Each document that you need for a 6 month + student visa has some kind of expense, whether directly or indirectly. 

The passport: luckily I had renewed my passport in 2018, but I had to get it rushed back then for another visa and it cost over $200. A passport goes for $110 regularly.

The background check: my state background check was $14, plus the cost of fingerprinting, which was $30. My federal background check was $18, plus the fingerprinting at USPS, which was $50. 

The apostille: my state apostille was $10. My federal apostille was $8, plus the cost of postage and the return envelope.

The medical certificate: whatever your primary care provider charges for a wellness check-up.

The delivery: I paid around $32 for the two express-mail envelopes I had to use just to mail the documents and have the visa returned safely. If your consulate is currently taking in person visits, then you’ve got to figure out the transportation. For me, D.C. is about 4 and a half hours drive away, which would be a pretty big day trip just for a 15 minute visa appointment.

The visa fee: enclosed in your application in the form of a money order for $160.

You do the math, because I don’t want to know how much I’ve spent altogether on this.

3. Some things are out of your control.

Throughout the entire process, I felt like I had to hurry up and wait. I would rush to get all of these appointments made, documents obtained, and then I would have to mail something out or wait for another appointment and just keep twiddling my thumbs until I could take another action and move on to the next step. It’s important to keep in mind that while this process can be extremely frustrating and make you feel like you’re doing something wrong or you’re incompetent for not being able to figure this out, there are some things that are simply not in our control. Especially during the pandemic, bureaucracy is a beast before which we are pretty powerless. Any time I faced a delay or challenge, I would strategize about how to get around it or find a loophole. Sometimes I got lucky, and sometimes I didn’t. Your situation may depend on something as simple as who is answering the phone that day. Maybe they’re sympathetic and want to help you out, or maybe they’re tired, underpaid and don’t want to deal with your drama.
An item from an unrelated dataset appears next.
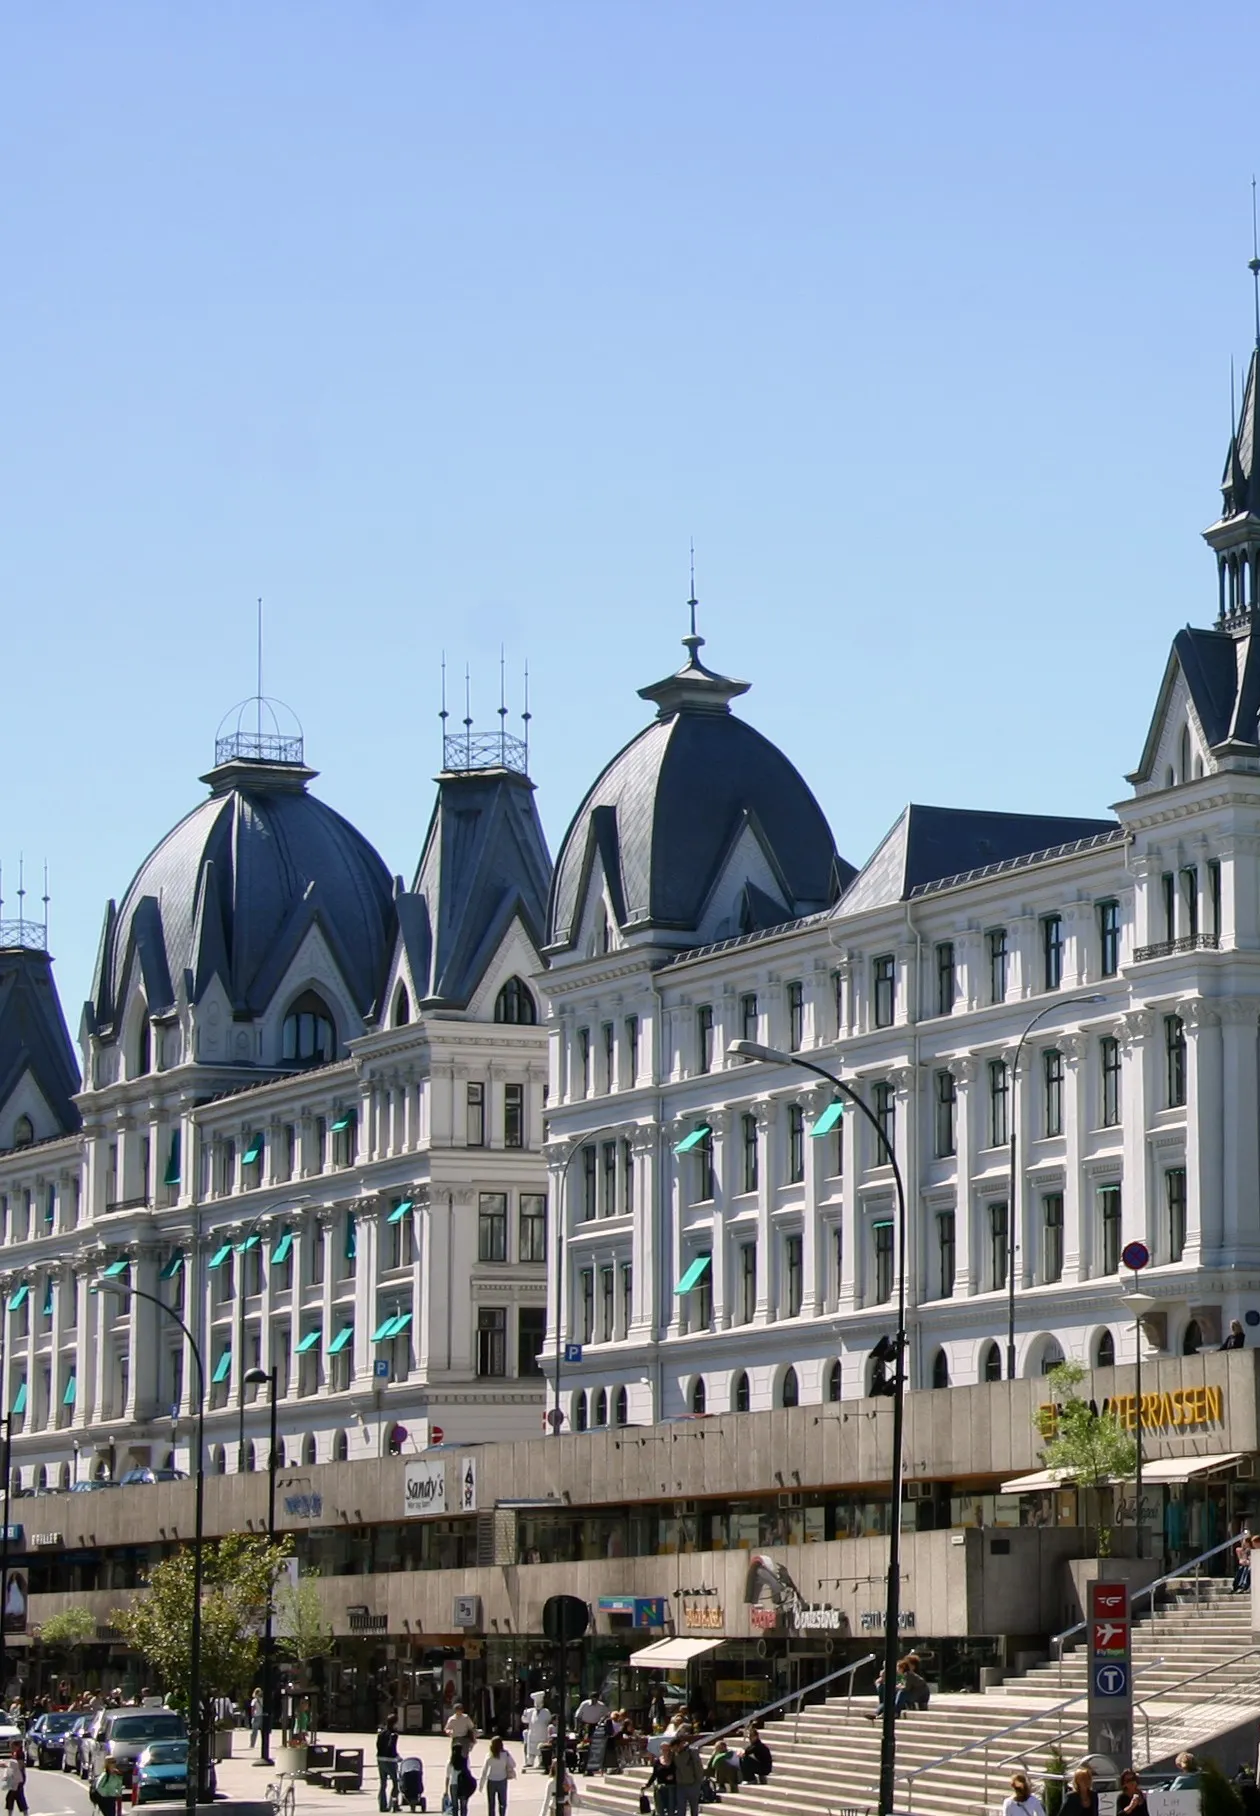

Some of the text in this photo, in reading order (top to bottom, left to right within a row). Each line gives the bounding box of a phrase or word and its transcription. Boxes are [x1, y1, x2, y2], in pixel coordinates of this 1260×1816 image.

[568, 1346, 578, 1360] P
[377, 1362, 386, 1375] P
[405, 1473, 444, 1502] Sandy's
But at the end of the day, the moments when I just let go were the only times I really knew peace throughout the entire process. 

4. It will be worth it.

Beyond the eventual desired outcome (a visa that allows me into Spain), there are other things that I became more aware and appreciative of since I started this process. For one thing, I came across tons of government employees whose jobs I had never really thought about before. There were the finger printers in their white lab coats, the extremely kind woman at the post office near my house, and of course the lovely and supportive people on the program who were also in the throes of a very demoralizing battle for a visa. Although my visa has not arrived yet, I did get confirmation from the consulate that my documents had arrived and “everything looks ok.” It’s only been two weeks since the day I mailed it, which was right before a holiday weekend, but I’m expecting it any day now. I’m so relieved to be in the final phase of this process, and able to focus on other things like my orientation webinars and other final preparations. In a way, the struggle made the whole thing feel like more of a victory.